:: PROBLEM TO SOLVE ::
Reproduce the data exactly.

:: INFORMATION GIVEN ::
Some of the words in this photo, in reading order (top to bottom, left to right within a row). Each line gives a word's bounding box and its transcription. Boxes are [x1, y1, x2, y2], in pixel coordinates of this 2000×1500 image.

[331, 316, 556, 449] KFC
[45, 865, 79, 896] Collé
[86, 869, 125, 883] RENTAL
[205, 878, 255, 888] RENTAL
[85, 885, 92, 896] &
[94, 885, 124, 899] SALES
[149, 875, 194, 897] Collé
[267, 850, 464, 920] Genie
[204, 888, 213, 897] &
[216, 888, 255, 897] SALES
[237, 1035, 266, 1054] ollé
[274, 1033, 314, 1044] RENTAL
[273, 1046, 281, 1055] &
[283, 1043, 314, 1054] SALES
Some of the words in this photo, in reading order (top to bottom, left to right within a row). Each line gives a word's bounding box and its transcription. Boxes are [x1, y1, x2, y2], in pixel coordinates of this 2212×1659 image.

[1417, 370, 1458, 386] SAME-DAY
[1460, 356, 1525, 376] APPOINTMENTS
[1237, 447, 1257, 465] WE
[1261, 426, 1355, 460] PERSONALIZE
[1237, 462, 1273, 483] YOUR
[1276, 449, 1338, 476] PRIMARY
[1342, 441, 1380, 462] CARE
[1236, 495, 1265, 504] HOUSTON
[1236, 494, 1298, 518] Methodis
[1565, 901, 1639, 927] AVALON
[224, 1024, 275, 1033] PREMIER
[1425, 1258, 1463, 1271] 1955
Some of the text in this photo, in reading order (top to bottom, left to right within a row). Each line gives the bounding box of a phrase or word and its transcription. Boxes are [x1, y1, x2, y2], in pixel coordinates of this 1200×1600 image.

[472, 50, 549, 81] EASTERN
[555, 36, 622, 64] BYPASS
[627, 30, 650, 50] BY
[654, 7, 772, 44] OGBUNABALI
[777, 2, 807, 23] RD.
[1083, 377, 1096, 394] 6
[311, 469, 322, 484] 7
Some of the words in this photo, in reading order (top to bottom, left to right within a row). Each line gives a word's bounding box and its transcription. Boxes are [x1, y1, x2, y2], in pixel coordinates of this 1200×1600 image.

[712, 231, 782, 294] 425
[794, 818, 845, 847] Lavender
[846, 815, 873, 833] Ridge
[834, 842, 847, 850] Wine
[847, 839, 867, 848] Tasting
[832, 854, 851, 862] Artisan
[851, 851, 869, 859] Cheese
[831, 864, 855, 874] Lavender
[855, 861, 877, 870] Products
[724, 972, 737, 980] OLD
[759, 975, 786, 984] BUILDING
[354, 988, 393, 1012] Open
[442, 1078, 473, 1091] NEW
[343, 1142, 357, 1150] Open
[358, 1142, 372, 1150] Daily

:: ANSWER SECTION ::
Some of the words in this photo, in reading order (top to bottom, left to right within a row). Each line gives a word's bounding box and its transcription. Boxes are [x1, y1, x2, y2], in pixel coordinates of this 2000×1500 image.

[331, 316, 556, 449] KFC
[45, 865, 79, 896] Collé
[86, 869, 125, 883] RENTAL
[205, 878, 255, 888] RENTAL
[85, 885, 92, 896] &
[94, 885, 124, 899] SALES
[149, 875, 194, 897] Collé
[267, 850, 464, 920] Genie
[204, 888, 213, 897] &
[216, 888, 255, 897] SALES
[237, 1035, 266, 1054] ollé
[274, 1033, 314, 1044] RENTAL
[273, 1046, 281, 1055] &
[283, 1043, 314, 1054] SALES
Some of the words in this photo, in reading order (top to bottom, left to right within a row). Each line gives a word's bounding box and its transcription. Boxes are [x1, y1, x2, y2], in pixel coordinates of this 2212×1659 image.

[1417, 370, 1458, 386] SAME-DAY
[1460, 356, 1525, 376] APPOINTMENTS
[1237, 447, 1257, 465] WE
[1261, 426, 1355, 460] PERSONALIZE
[1237, 462, 1273, 483] YOUR
[1276, 449, 1338, 476] PRIMARY
[1342, 441, 1380, 462] CARE
[1236, 495, 1265, 504] HOUSTON
[1236, 494, 1298, 518] Methodis
[1565, 901, 1639, 927] AVALON
[224, 1024, 275, 1033] PREMIER
[1425, 1258, 1463, 1271] 1955
Some of the text in this photo, in reading order (top to bottom, left to right within a row). Each line gives the bounding box of a phrase or word and its transcription. Boxes are [x1, y1, x2, y2], in pixel coordinates of this 1200×1600 image.

[472, 50, 549, 81] EASTERN
[555, 36, 622, 64] BYPASS
[627, 30, 650, 50] BY
[654, 7, 772, 44] OGBUNABALI
[777, 2, 807, 23] RD.
[1083, 377, 1096, 394] 6
[311, 469, 322, 484] 7
Some of the words in this photo, in reading order (top to bottom, left to right within a row). Each line gives a word's bounding box and its transcription. Boxes are [x1, y1, x2, y2], in pixel coordinates of this 1200×1600 image.

[712, 231, 782, 294] 425
[794, 818, 845, 847] Lavender
[846, 815, 873, 833] Ridge
[834, 842, 847, 850] Wine
[847, 839, 867, 848] Tasting
[832, 854, 851, 862] Artisan
[851, 851, 869, 859] Cheese
[831, 864, 855, 874] Lavender
[855, 861, 877, 870] Products
[724, 972, 737, 980] OLD
[759, 975, 786, 984] BUILDING
[354, 988, 393, 1012] Open
[442, 1078, 473, 1091] NEW
[343, 1142, 357, 1150] Open
[358, 1142, 372, 1150] Daily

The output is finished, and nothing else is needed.